Art. 135. Instaurado o incidente, o sócio ou a pessoa jurídica será citado para manifestar-se e requerer as provas cabíveis no prazo de 15 (quinze) dias.

O princípio do contraditório é um reflexo da democracia, já que exercer o contraditório significa participar de forma efetiva do processo, seja ele judicial ou administrativo. Em outras palavras, esse princípio garante aos litigantes o direito de participar do processo e de influenciar na decisão a ser proferida, pois não há contraditório sem defesa[1].
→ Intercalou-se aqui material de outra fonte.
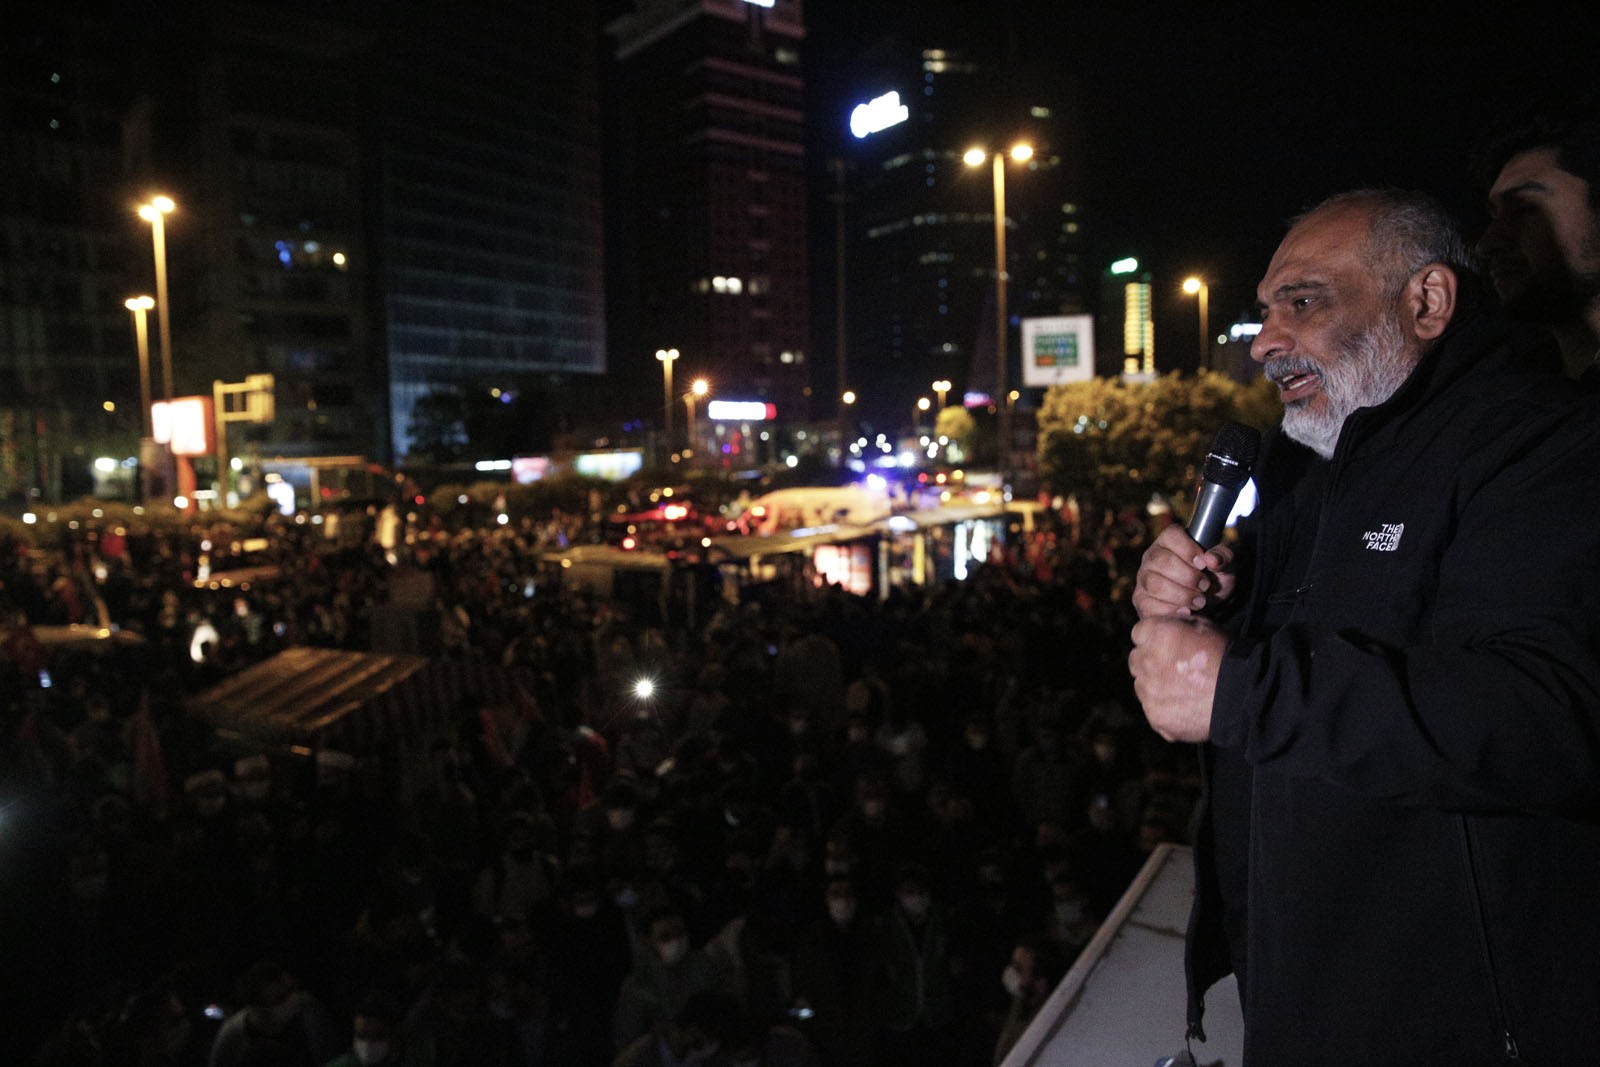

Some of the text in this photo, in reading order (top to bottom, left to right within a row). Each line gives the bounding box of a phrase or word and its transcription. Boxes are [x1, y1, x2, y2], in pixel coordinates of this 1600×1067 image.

[1382, 524, 1400, 533] THE
[1362, 531, 1397, 542] NORTH
[1366, 541, 1393, 551] FACE
Como se nota, o conceito de contraditório compreende a garantia de efetiva participação das partes no desenvolvimento de todo o litígio, mediante a possibilidade de influírem, em igualdade de condições, no convencimento do magistrado, contribuindo na descrição dos fatos, na produção de provas e no debate das questões de direito, e, nesse momento, se aproxima do princípio da isonomia[2].

Essa dialética processual deve ser observada ao longo de todo o processo, de forma que, antes de decidir sobre a desconsideração da personalidade jurídica e determinar o redirecionamento da execução fiscal, o juiz deve instaurar o contraditório prévio, pois constitui uma necessidade inerente ao processo judicial, ostentando a natureza de uma garantia inviolável de todo cidadão[3].

É preciso observar o contraditório prévio a fim de evitar um “julgamento surpresa”, ainda que se trate de uma questão que possa ser conhecida de ofício ou de uma presunção simples, conforme previsão dos artigos 9 e 10 do CPC:

Art. 9º Não se proferirá decisão contra uma das partes sem que ela seja previamente ouvida.
Art. 10. O juiz não pode decidir, em grau algum de jurisdição, com base em fundamento a respeito do qual não se tenha dado às partes oportunidade de se manifestar, ainda que se trate de matéria sobre a qual deva decidir de ofício.

Em suma, a decisão que determina o redirecionamento da execução sem instaurar o incidente de desconsideração da pessoa jurídica viola os princípios constitucionais do devido processo legal, contraditório e da isonomia, além do princípio processual da não surpresa.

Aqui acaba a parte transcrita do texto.